▶ _WHAT IS NEEDED_
Set down every record below exactly as it stands, with the pictures omitted.
++++ RECORDS SUPPLIED
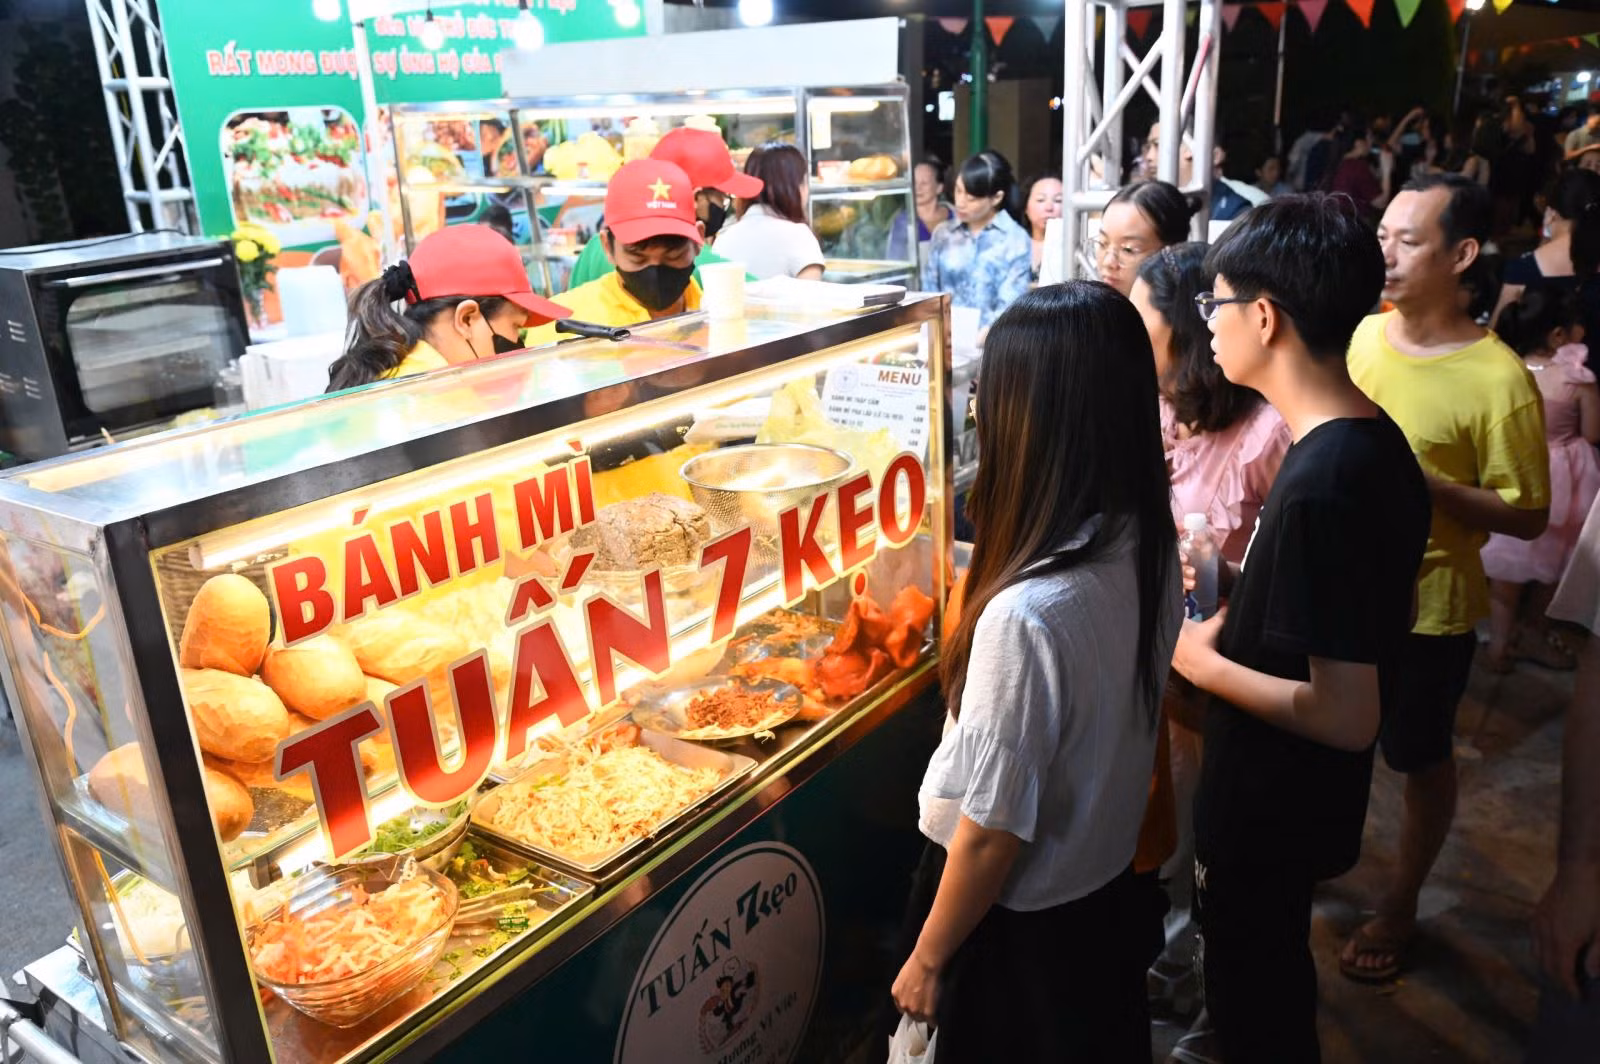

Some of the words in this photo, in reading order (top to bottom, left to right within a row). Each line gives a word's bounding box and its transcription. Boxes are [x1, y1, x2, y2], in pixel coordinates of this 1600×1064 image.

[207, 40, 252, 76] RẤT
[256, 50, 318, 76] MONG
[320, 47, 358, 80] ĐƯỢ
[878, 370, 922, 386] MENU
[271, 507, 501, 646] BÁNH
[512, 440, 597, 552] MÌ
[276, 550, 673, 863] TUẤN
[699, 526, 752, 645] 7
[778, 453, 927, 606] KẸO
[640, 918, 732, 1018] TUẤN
++++++++
▶ _ANSWER BELOW_
Some of the words in this photo, in reading order (top to bottom, left to right within a row). Each line gives a word's bounding box and its transcription. Boxes are [x1, y1, x2, y2], in pixel coordinates of this 1600×1064 image.

[207, 40, 252, 76] RẤT
[256, 50, 318, 76] MONG
[320, 47, 358, 80] ĐƯỢ
[878, 370, 922, 386] MENU
[271, 507, 501, 646] BÁNH
[512, 440, 597, 552] MÌ
[276, 550, 673, 863] TUẤN
[699, 526, 752, 645] 7
[778, 453, 927, 606] KẸO
[640, 918, 732, 1018] TUẤN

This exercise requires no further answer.